▶ [WHAT IS REQUIRED] Leaving out the pictures, return word for word the stretch of entries below from the line holding "this 1672×941 image." through the line holding "Some of the text".
--- DATA FOR THE TASK ---
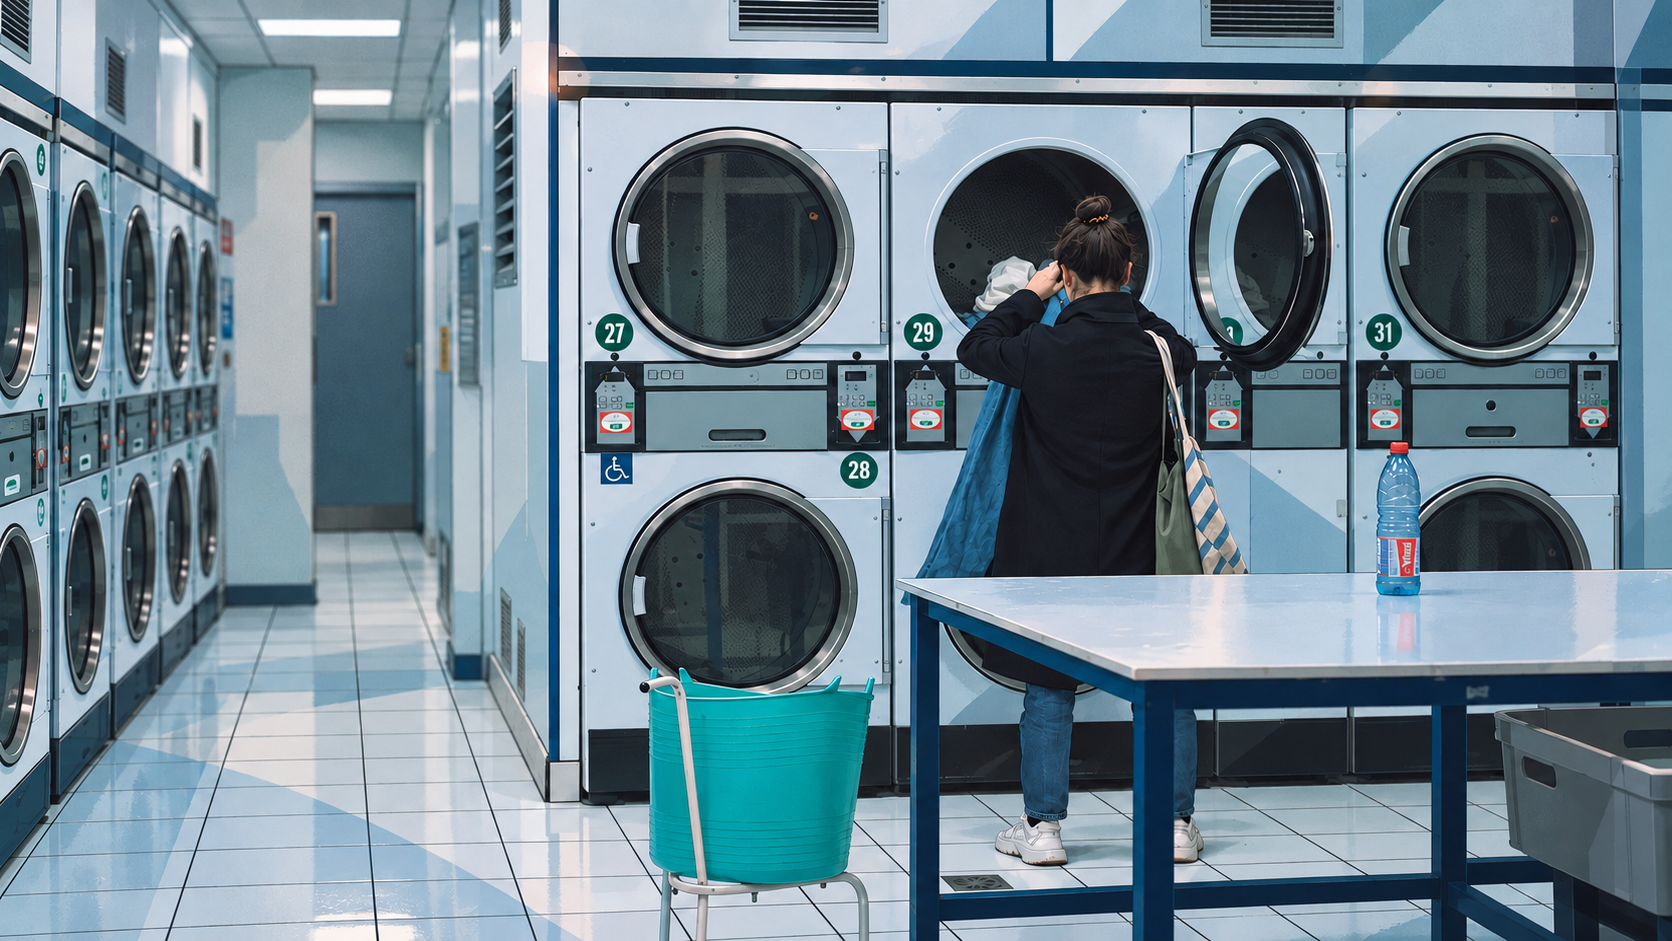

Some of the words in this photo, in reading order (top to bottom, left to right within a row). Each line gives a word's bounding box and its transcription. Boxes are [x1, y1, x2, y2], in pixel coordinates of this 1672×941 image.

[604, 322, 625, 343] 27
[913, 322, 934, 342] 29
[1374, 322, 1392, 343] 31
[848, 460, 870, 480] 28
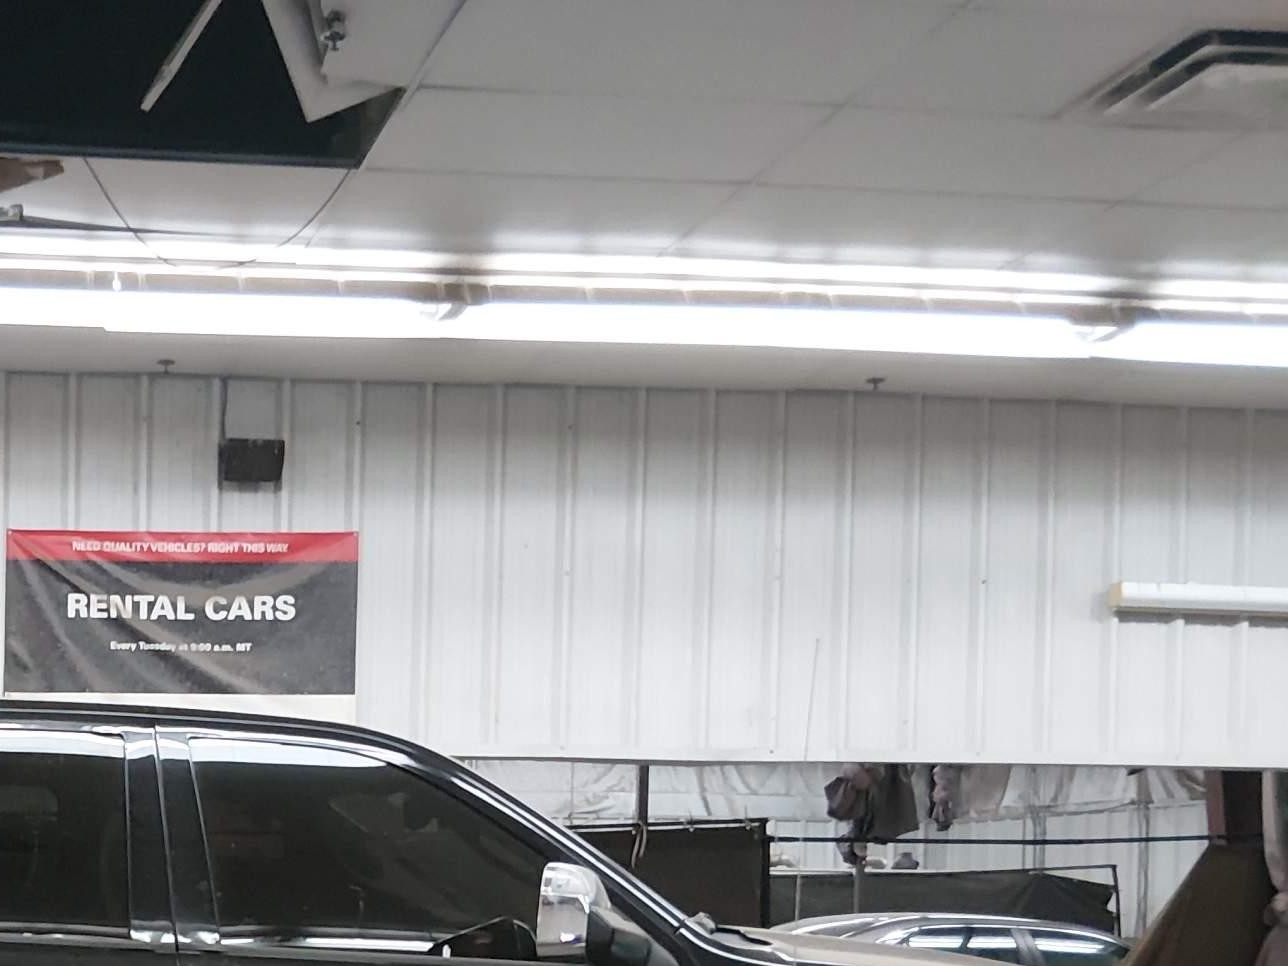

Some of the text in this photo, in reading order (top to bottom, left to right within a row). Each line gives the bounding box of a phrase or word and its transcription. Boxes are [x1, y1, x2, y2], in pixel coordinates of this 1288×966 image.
---
--- DATA FOR THE TASK ---
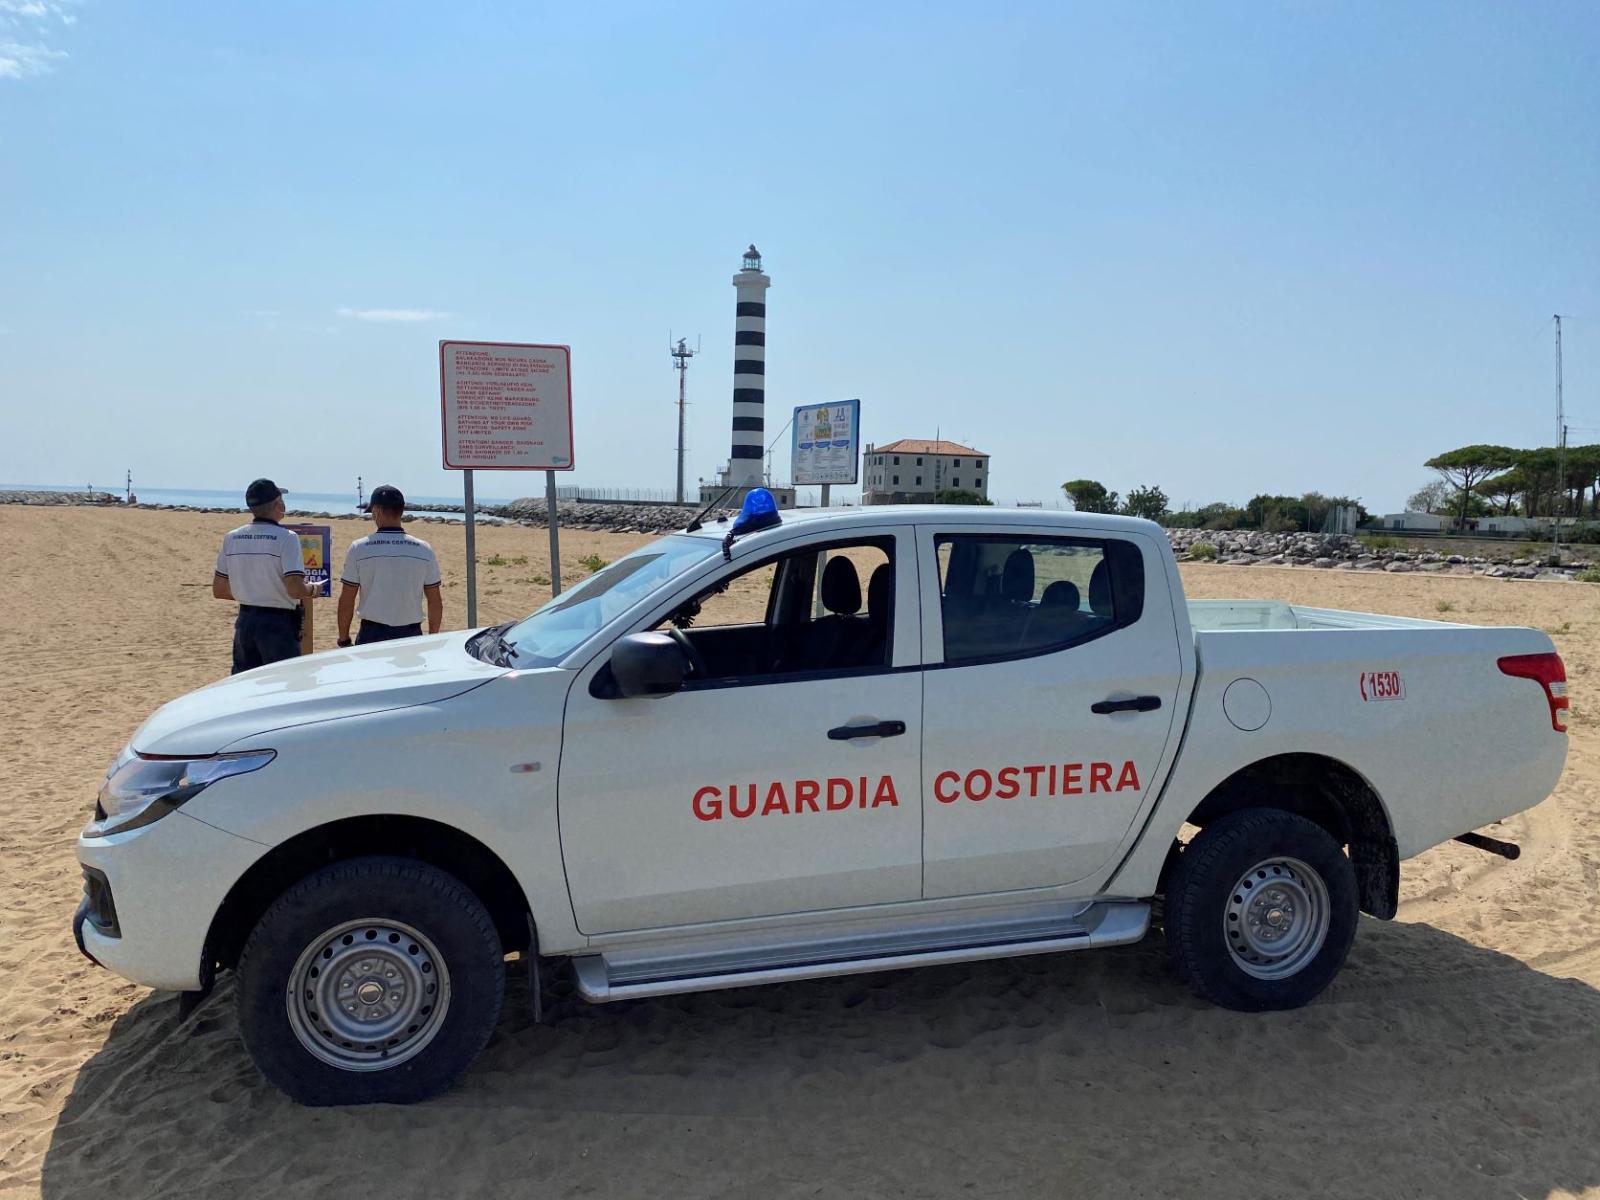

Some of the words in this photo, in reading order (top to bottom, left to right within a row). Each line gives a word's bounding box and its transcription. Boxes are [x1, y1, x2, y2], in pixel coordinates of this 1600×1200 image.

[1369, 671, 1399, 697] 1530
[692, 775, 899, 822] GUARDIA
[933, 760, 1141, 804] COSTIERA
---
▶ [ANSWER SECTION]
Some of the words in this photo, in reading order (top to bottom, left to right within a row). Each line gives a word's bounding box and its transcription. Boxes are [x1, y1, x2, y2], in pixel coordinates of this 1672×941 image.

[604, 322, 625, 343] 27
[913, 322, 934, 342] 29
[1374, 322, 1392, 343] 31
[848, 460, 870, 480] 28

Some of the text in this photo, in reading order (top to bottom, left to right within a row). Each line gives the bounding box of a phrase or word and its transcription. Boxes are [x1, y1, x2, y2], in pixel coordinates of this 1288×966 image.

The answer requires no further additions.